Your support for our advertisers helps cover the cost of hosting, research, and maintenance of this document

Formatting Information — An introduction to typesetting with LATEX

Chapter 5: Textual tools

Section 5.3: References and citations

This is one of the most powerful features of LATEX. As we mentioned when discussing Figures and Tables, you can label any point in a document with a name you make up, so that you can refer to it by that name from anywhere else in the document (or even from another document) and LATEX will always work out the right cross-reference number for you, no matter how much you edit the text or move it around.

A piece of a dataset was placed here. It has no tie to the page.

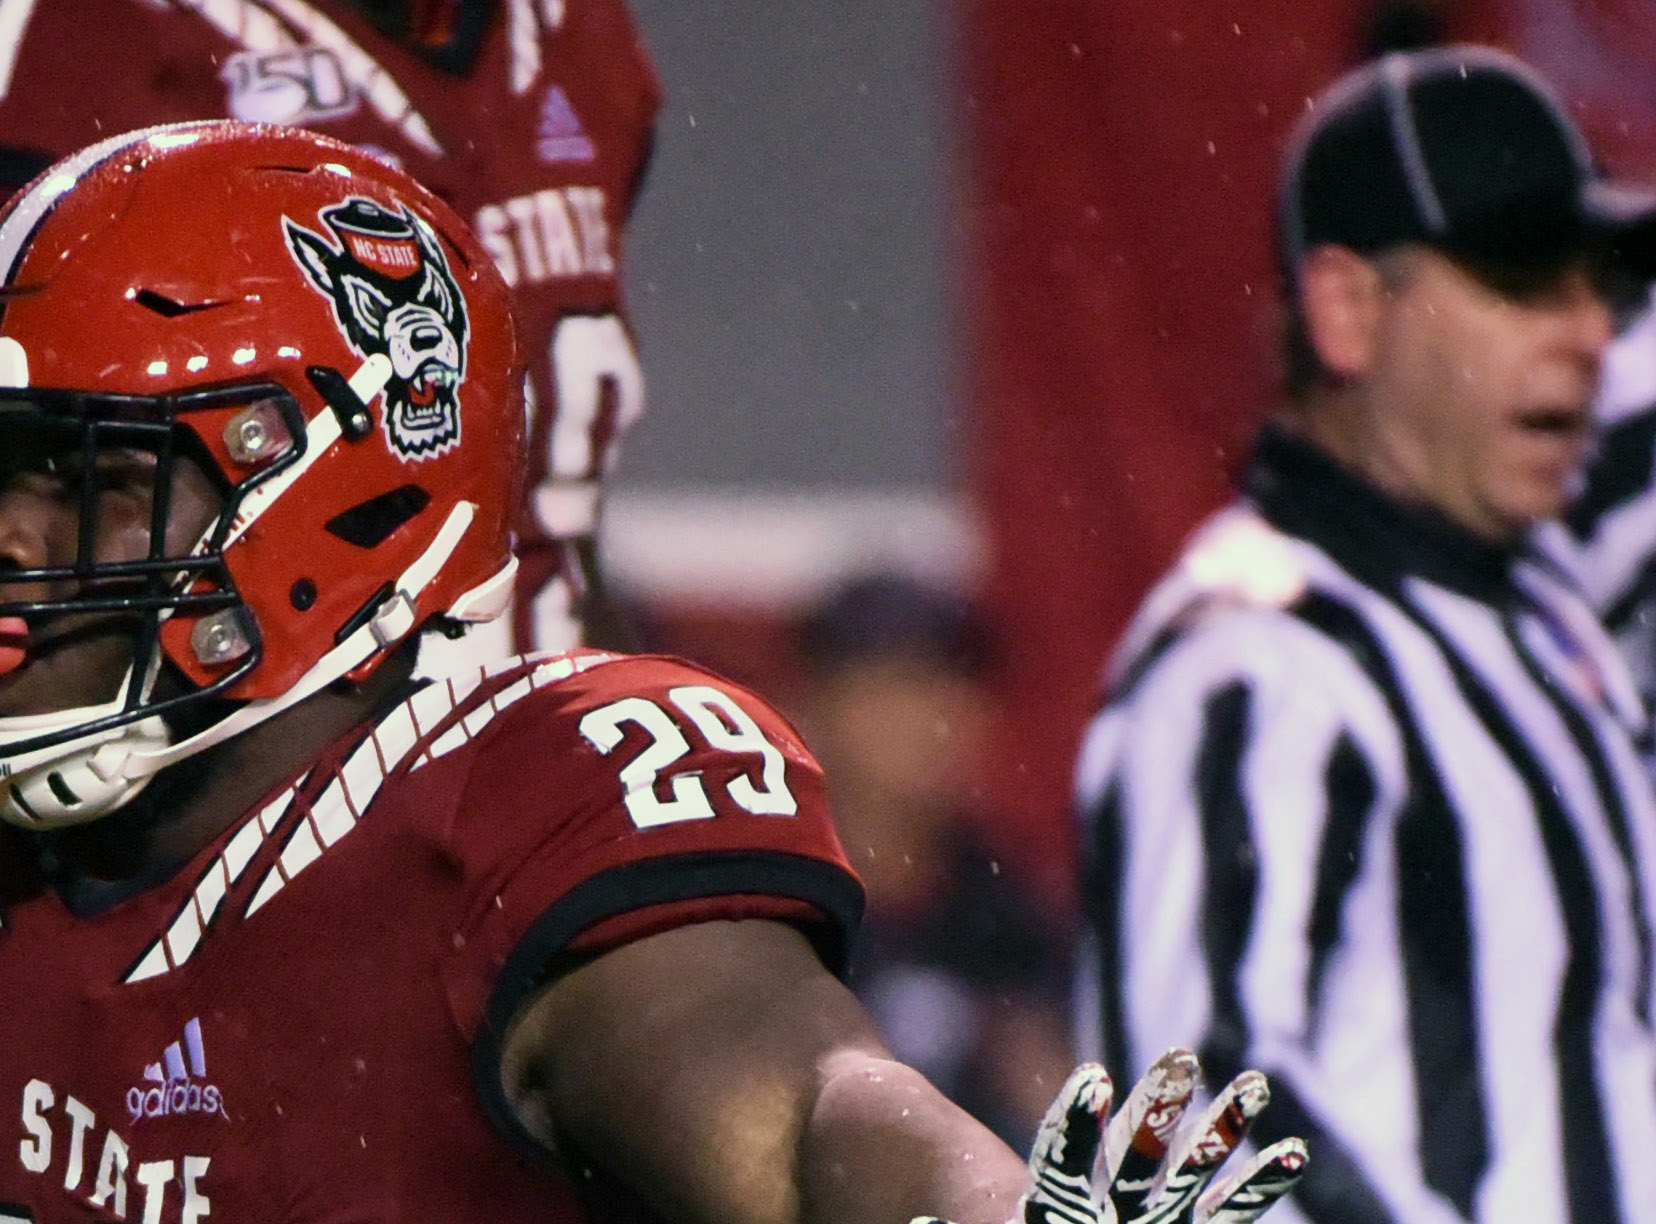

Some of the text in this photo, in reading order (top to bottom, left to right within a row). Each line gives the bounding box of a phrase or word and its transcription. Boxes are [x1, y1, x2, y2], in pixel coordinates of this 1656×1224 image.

[352, 237, 418, 267] NC STATE
[578, 686, 798, 832] 29
[126, 1075, 221, 1118] adidas

As we well see later, a similar method is also used to cite documents for a bibliography or list of references, and there are packages to sort and format these in the correct style for different journals or publishers.

5.3.1 Cross-references

You label the place in your document you want to refer to by adding the command \label followed by a short name you make up, in curly braces: exactly as we did for labelling Figures and Tables in § 4.2.2.

\section{New Research}
\label{newstuff}
        

You can then refer to this place from anywhere in the same document with the command \ref followed by the name you used, eg

In section~\ref{newstuff} there is a list of recent 
projects.
	  

In section 13.5 there is a list of recent projects.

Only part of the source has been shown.